I was always fascinated with the Kilobots developed by Harvard and their amazing capabilities when operated in massive swarms of self-organizing robots. I therefore decided to build my own prototype using modules easily available locally. This was not going to be a Kilobot clone but something different based on the same principle. So recently i managed to wrangle up a few breakout boards to make a vibration robot as shown below. The modules used are as follows
Main board - Arduino Lilypad (ATMega328) from Sparkfun. The reason i chose this was due to the large number of I/O and because the PCB is circular. 50 mm diameter, 17 mm more than that of the Kilobot, which is around 33mm.
Communications - Adafruit Bluetooh EZ Serial link. This board snugly fit on top of the Lilypads serial connector. The main board could now be programmed wirelessly over the BT Serial link.
Motor Driver - A Spakrfun TB6612FNG 1A Dual H-Bridge based motor driver for the vibration motors.
Power Source - A 400mAh Li-Ion battery similar to this. (External charger)
The orange colored housing for the motors is designed in my favorite CAD tool and 3D printed on me printer. The position of the holes for mounting the screws was calculated from the board files supplied by Sparkfun. The motors were glued in their sockets. The entire assembly was held together using M3 screws through the Lilypad holes.
The block diagram of the system is shown below. The ATMega328 operates off the 3.7 V Li-Ion battery, which also powers the BT serial. The motor driver is powered from the 3.3V regulator on the BT serial board and draws maximum 2.2 mA of supply current, which is within spec of the regulator on the BT serial board as it can source maximum 100 mA. The driving voltage for the motors comes directly from the battery. Other control and PWM signals are connected to the arduino PWM and digital I/O pins.
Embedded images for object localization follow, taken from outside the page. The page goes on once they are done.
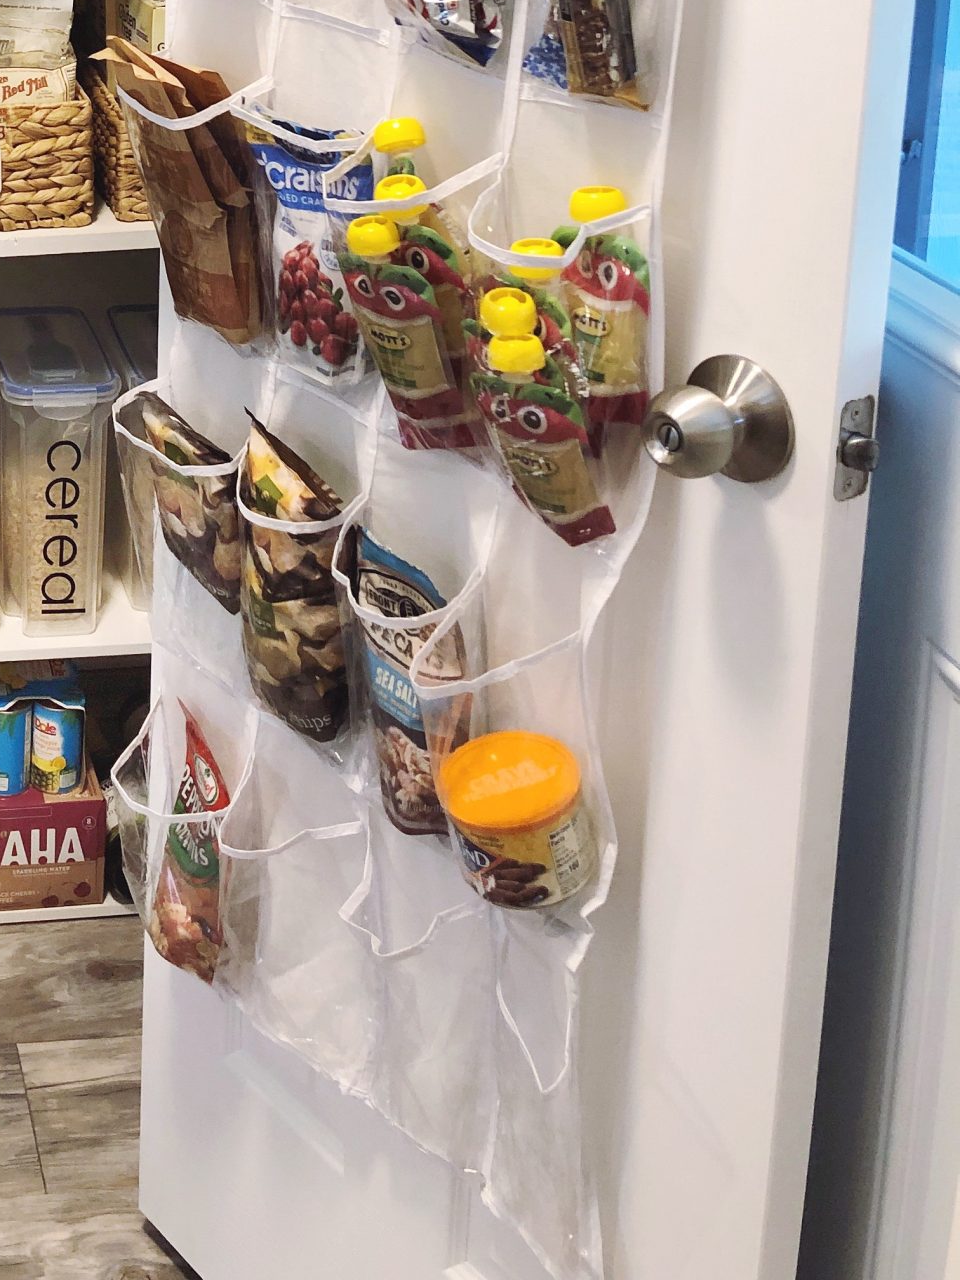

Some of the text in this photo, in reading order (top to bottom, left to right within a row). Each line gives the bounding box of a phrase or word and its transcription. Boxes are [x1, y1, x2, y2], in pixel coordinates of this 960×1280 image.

[1, 76, 49, 101] Red Mill
[370, 330, 407, 347] MOTT'S
[39, 438, 87, 616] cereal
[368, 589, 396, 613] FRONT
[375, 666, 395, 692] SEA
[34, 718, 57, 734] Dole
[0, 826, 86, 867] AHA
[12, 867, 48, 876] SPARKLING
[10, 890, 36, 898] CHERRY
And the end result after all that was - Chaos - as you can see in the video below. The robot is controlled via a windows phone application that i wrote which connected over BT serial to the bot. A single 4-Byte (integer) command was sent to the bot comprising of :
Byte 0 - PWM value for motor A (0 - 255)
Byte 1 - PWM value for motor B (0 - 255)
Byte 2 - Control signals for motors: Bit 1 - Motor A CCW, Bit 2 - Motor B CCW, Bit 3 - STANDBY/STOP
Byte 3 - Reserved.
The objective was to send varying PWM values to the motors to observe a linear motion along a straight line and characterize the 2DOF aspects of the system. Not shown in the video is my phone through which i am controlling the robot by varying the PWM to the motors.
Further iterations will include several improvements over shortcomings in the current design - thinner wires, smaller or custom boards etc. Thanks for watching...
1 comment:
Nice blog thanks for posting.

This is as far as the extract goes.